Xamarin was a cross-platform mobile development framework that let developers build native iOS, Android, and Windows applications using the C# language and the .NET ecosystem. Founded in 2011 by engineers who had previously worked on the open-source Mono project, Xamarin built on Mono, an open implementation of the .NET runtime, to execute C# code on mobile operating systems while binding to each platform’s native APIs. This allowed developers to share business logic across platforms while delivering fully native app experiences.
On February 24, 2016, Microsoft announced a definitive agreement to acquire Xamarin in a post on the official Microsoft Blog by executive vice president Scott Guthrie. The announcement described Xamarin as “a leading platform provider for mobile app development” whose offering enabled developers “to build mobile apps using C# and deliver fully native mobile app experiences to all major devices including iOS, Android, and Windows.” Following the acquisition, Microsoft moved to open-source the Xamarin SDK and bundle it into Visual Studio at no additional cost, broadly lowering the barrier to C# mobile development.

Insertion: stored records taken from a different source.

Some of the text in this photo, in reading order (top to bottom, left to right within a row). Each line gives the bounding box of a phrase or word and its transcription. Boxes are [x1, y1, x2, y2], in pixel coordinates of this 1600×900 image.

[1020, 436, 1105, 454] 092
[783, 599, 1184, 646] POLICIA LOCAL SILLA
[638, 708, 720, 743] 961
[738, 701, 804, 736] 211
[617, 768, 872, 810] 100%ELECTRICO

Xamarin offered two main approaches. Xamarin.iOS and Xamarin.Android gave direct, platform-specific access to native APIs from C#, while Xamarin.Forms provided a higher-level, cross-platform UI abstraction that mapped shared layouts onto each platform’s native controls. Xamarin.Forms in particular enabled a large fraction of UI code to be written once and rendered natively on multiple platforms.

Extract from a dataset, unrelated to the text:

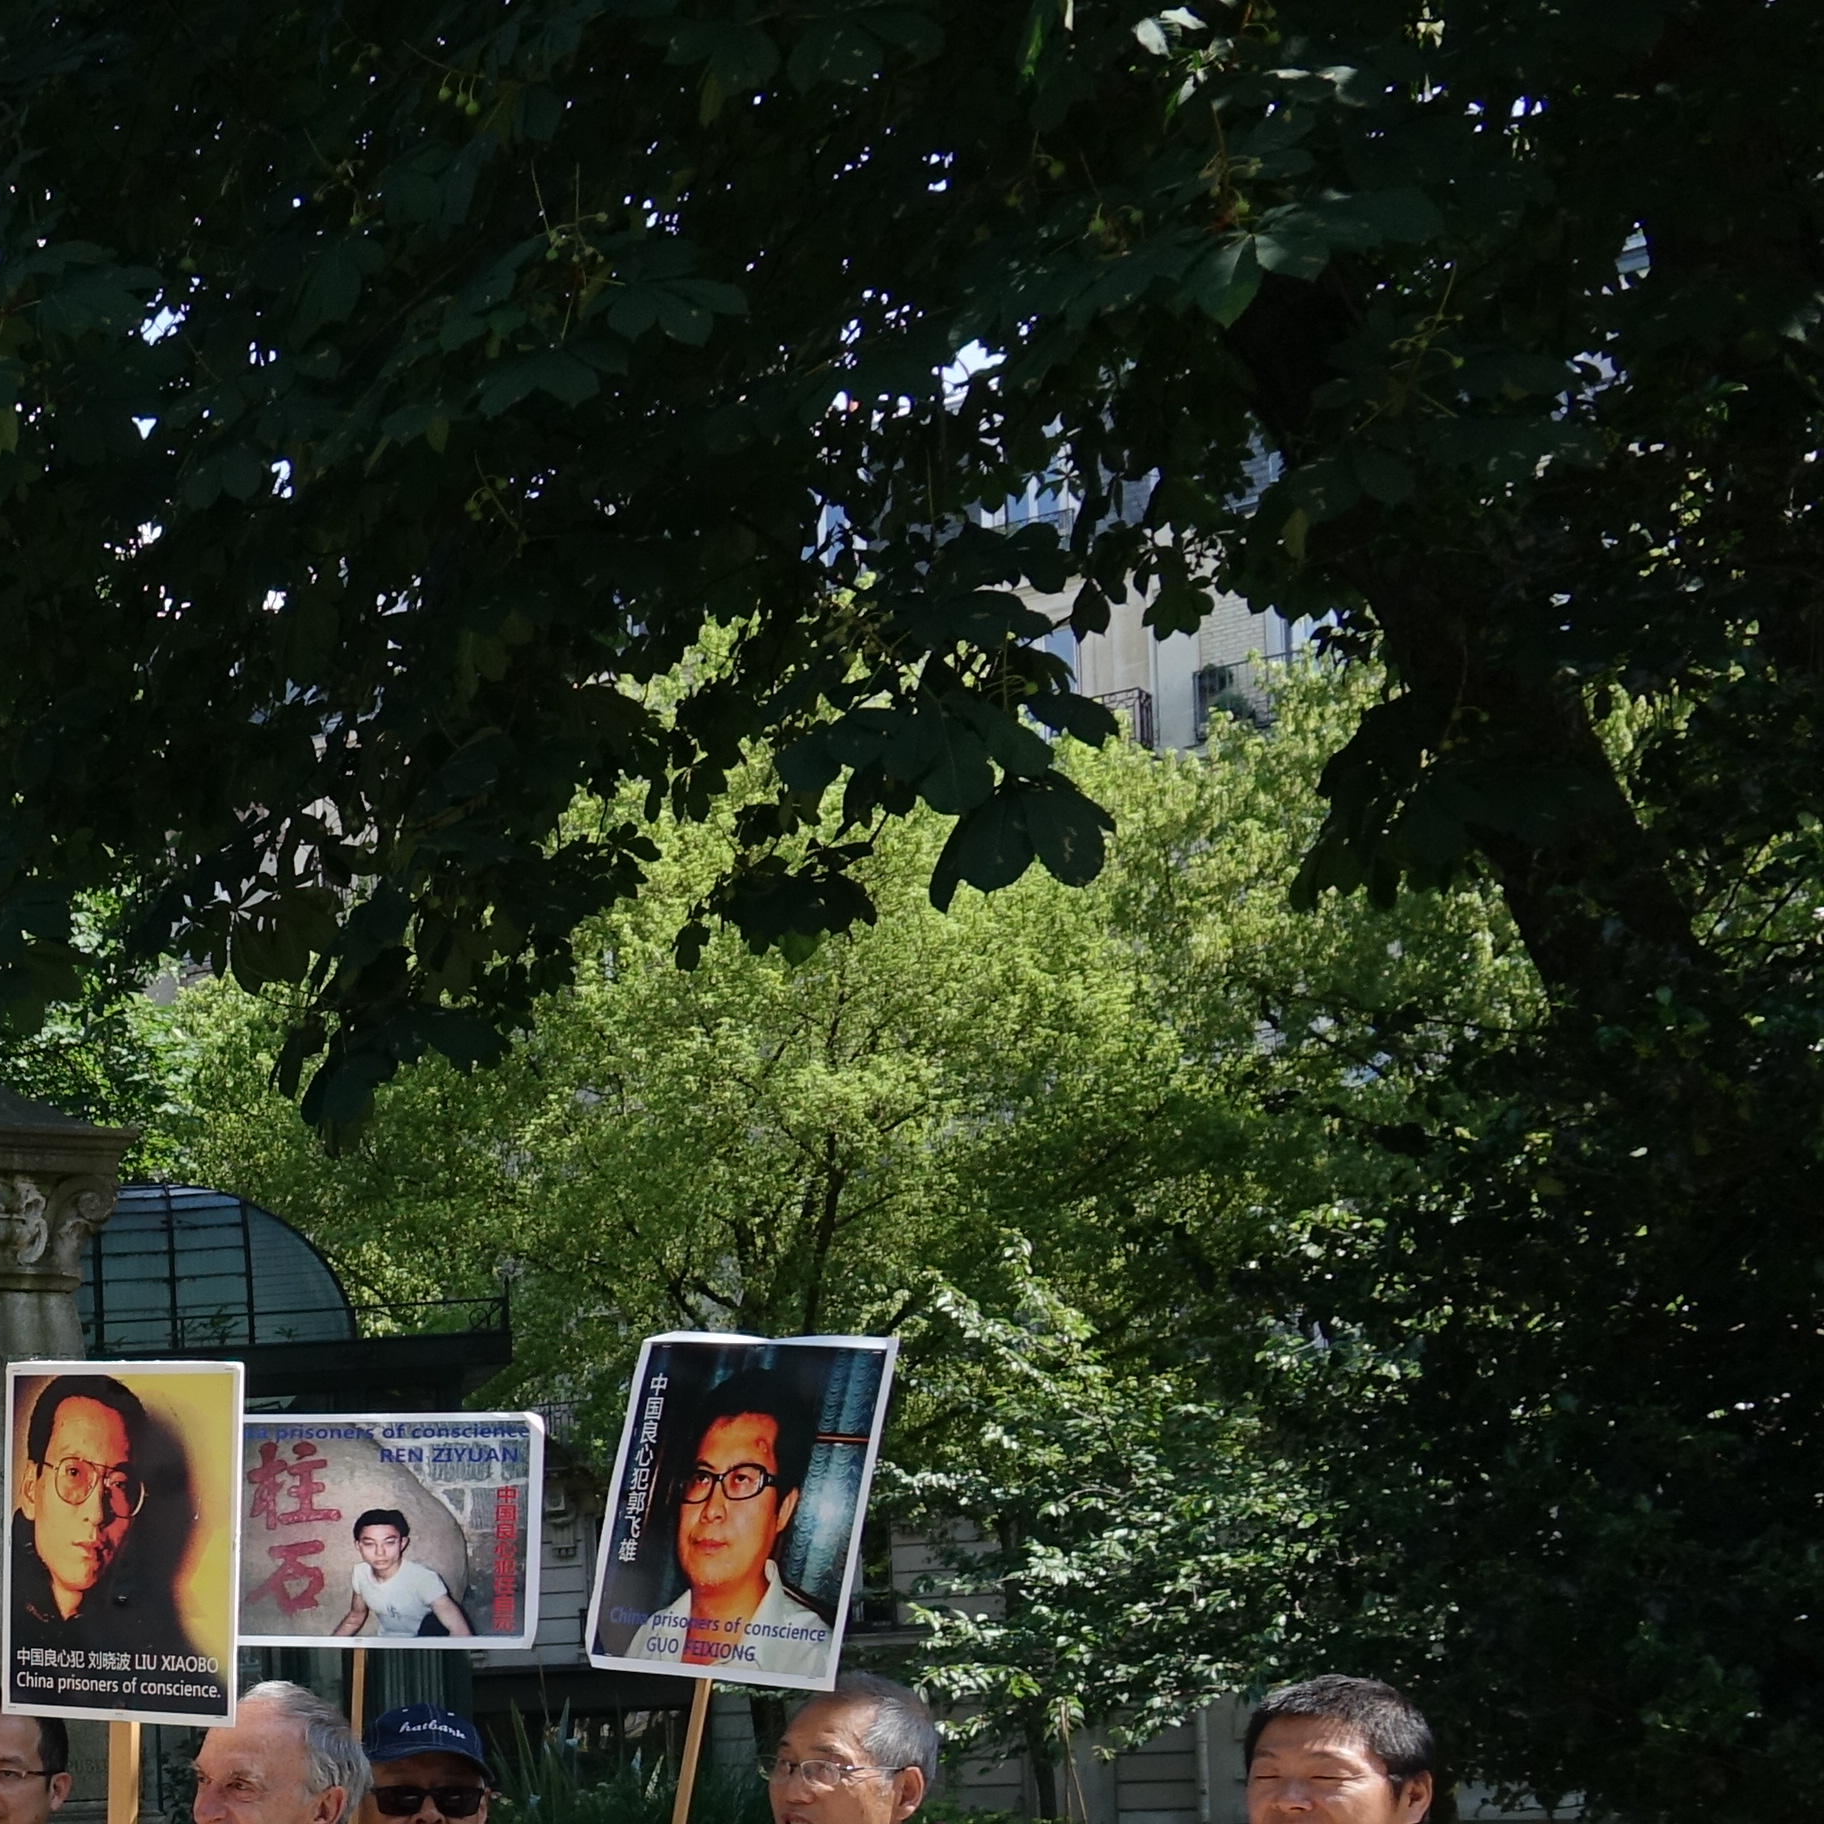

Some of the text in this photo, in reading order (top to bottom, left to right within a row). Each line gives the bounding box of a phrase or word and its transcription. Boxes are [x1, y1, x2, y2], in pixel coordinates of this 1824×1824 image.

The framework’s runtime model reflected its Mono heritage and the underlying platforms. On Android, C# is compiled to an intermediate language and then just-in-time compiled to native code at app launch; on iOS, where dynamic code generation is restricted, code is fully ahead-of-time compiled to native ARM assembly. This split between JIT and AOT compilation, inherited by its successor, allowed managed C# code to run within the constraints of each mobile operating system.

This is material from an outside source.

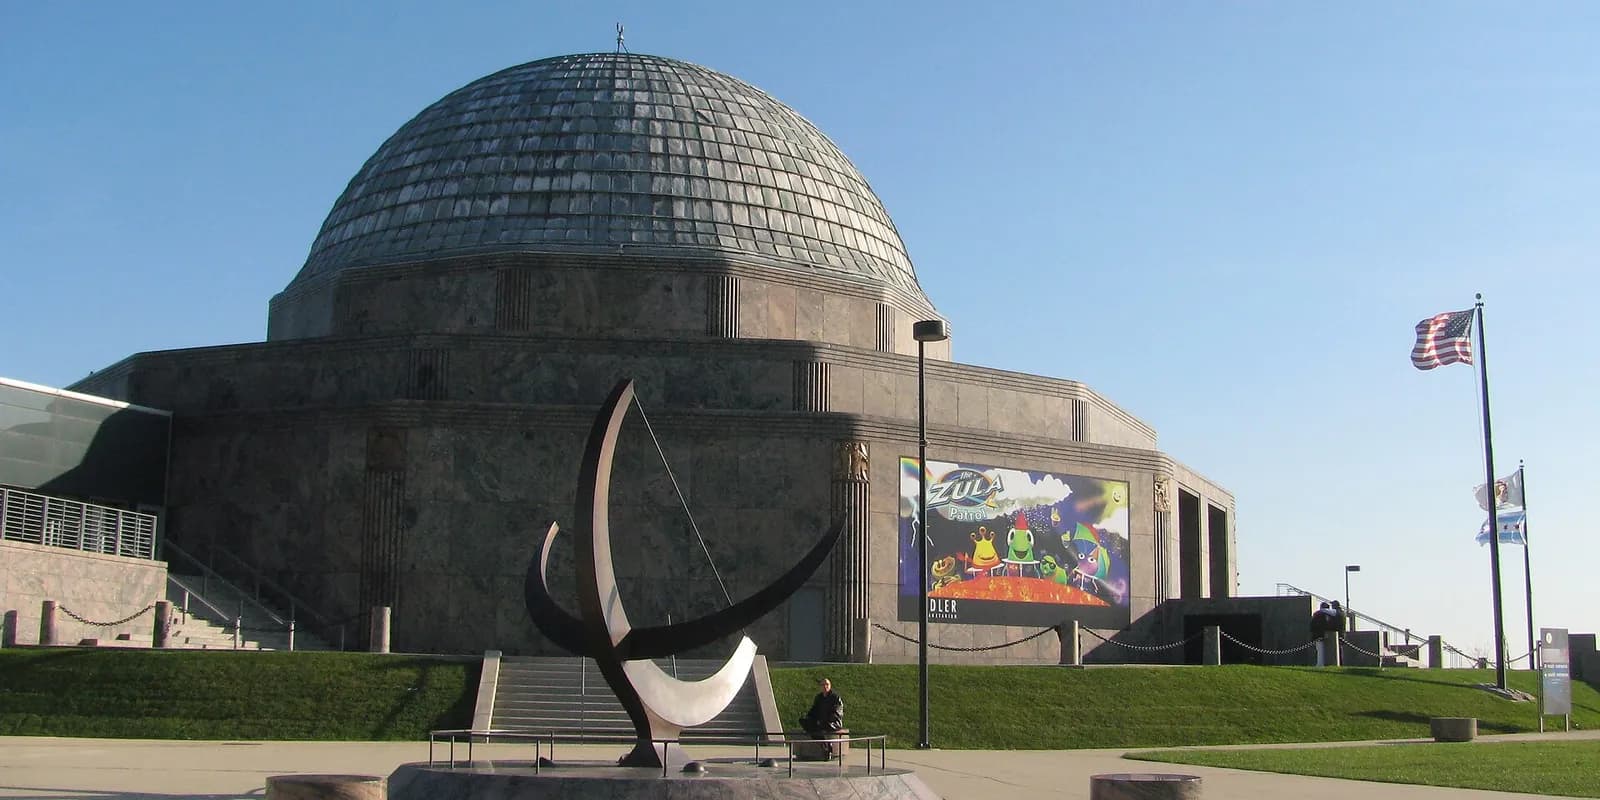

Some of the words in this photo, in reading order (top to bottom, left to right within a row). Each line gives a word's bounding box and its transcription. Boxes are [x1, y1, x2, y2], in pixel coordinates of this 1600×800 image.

[927, 475, 1003, 508] ZULA
[950, 507, 987, 520] Patrol
[930, 599, 957, 613] DLER

Xamarin.Forms ultimately evolved into .NET Multi-platform App UI (.NET MAUI), which Microsoft’s documentation describes as “the evolution of Xamarin.Forms, extended from mobile to desktop scenarios, with UI controls rebuilt from the ground up for performance and extensibility.” .NET MAUI unified Android, iOS, macOS, and Windows development into a single project and API while retaining the C# and XAML model and the Mono-based runtime on mobile platforms, carrying Xamarin’s core idea forward into the modern .NET platform.